◆ **Your objective**
Extract the text of every entry below exactly; leave images out.

Spatial localization data
*** Block opens ***

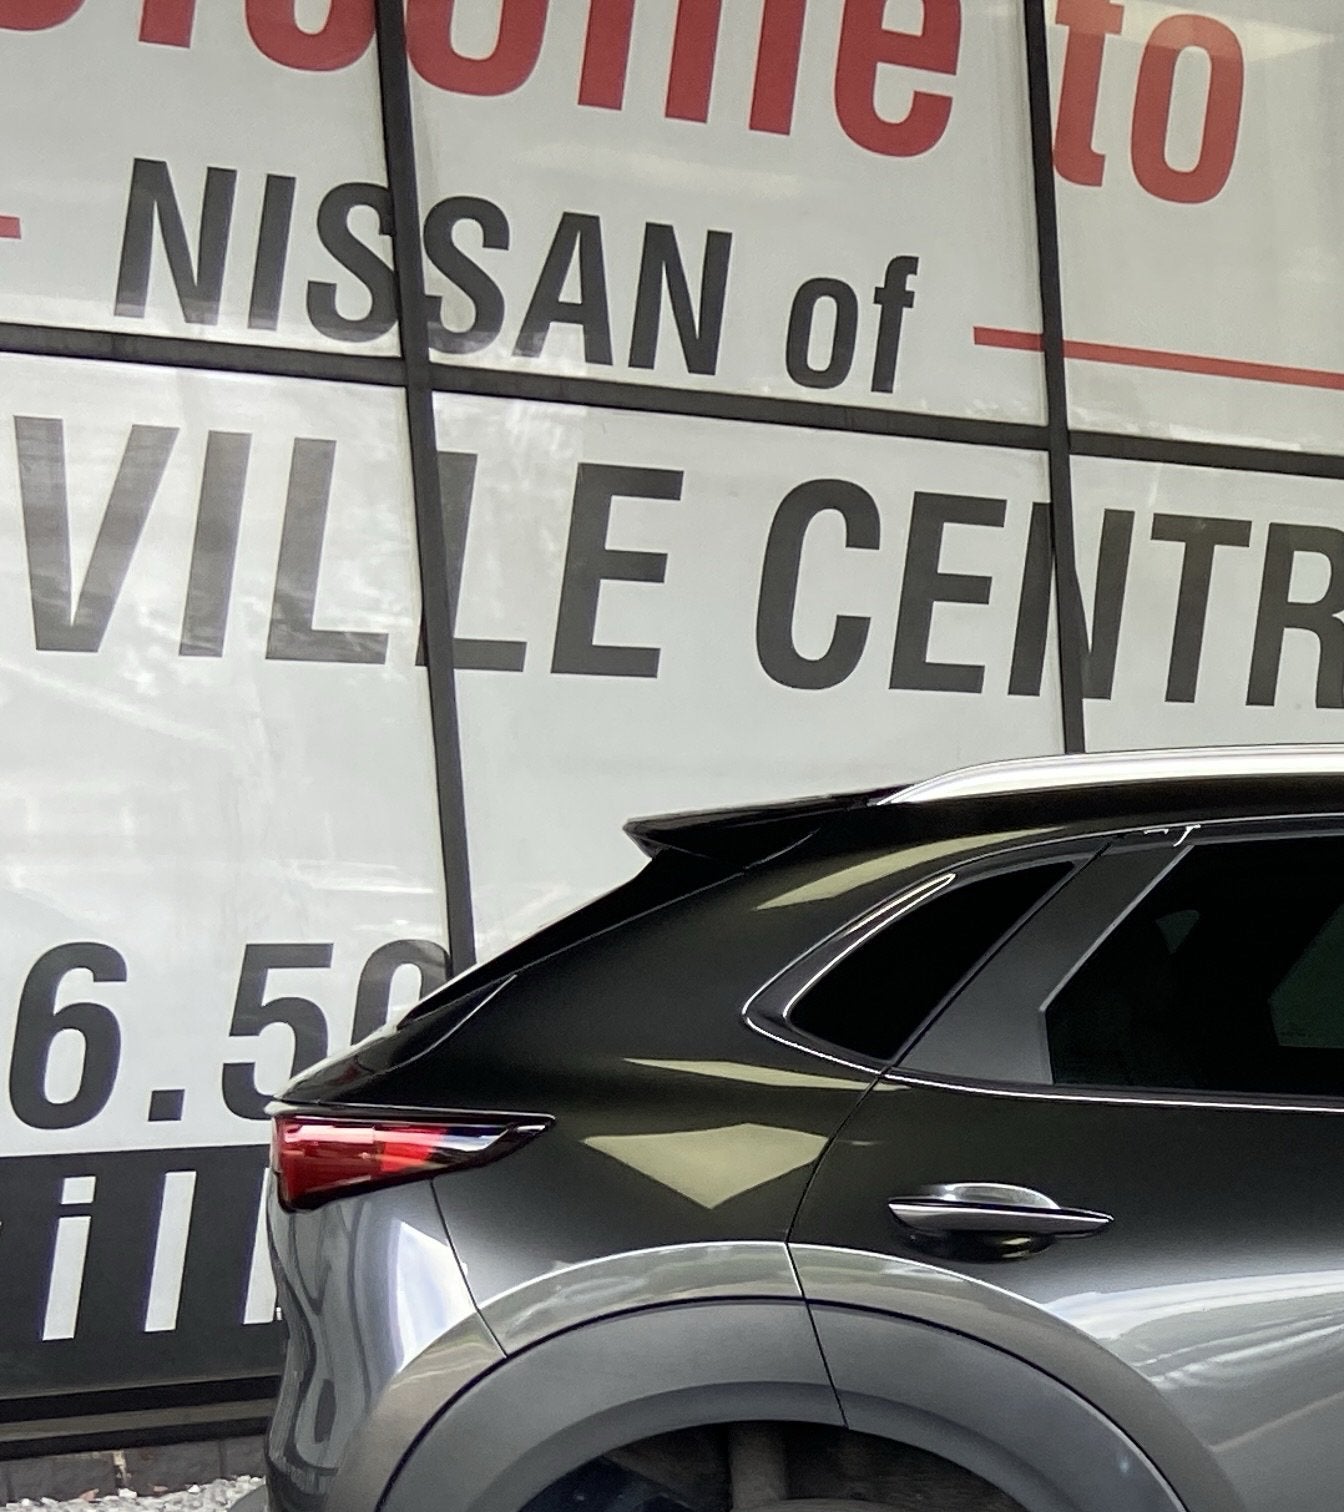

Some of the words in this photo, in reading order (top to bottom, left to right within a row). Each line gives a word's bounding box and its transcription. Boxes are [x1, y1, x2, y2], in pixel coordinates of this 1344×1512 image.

[1053, 0, 1245, 205] to
[114, 158, 733, 376] NISSAN
[785, 256, 920, 393] of
[14, 415, 685, 679] VILLE

*** Block closes ***

◆ **Answer box**
Some of the words in this photo, in reading order (top to bottom, left to right within a row). Each line gives a word's bounding box and its transcription. Boxes are [x1, y1, x2, y2], in pixel coordinates of this 1344×1512 image.

[1053, 0, 1245, 205] to
[114, 158, 733, 376] NISSAN
[785, 256, 920, 393] of
[14, 415, 685, 679] VILLE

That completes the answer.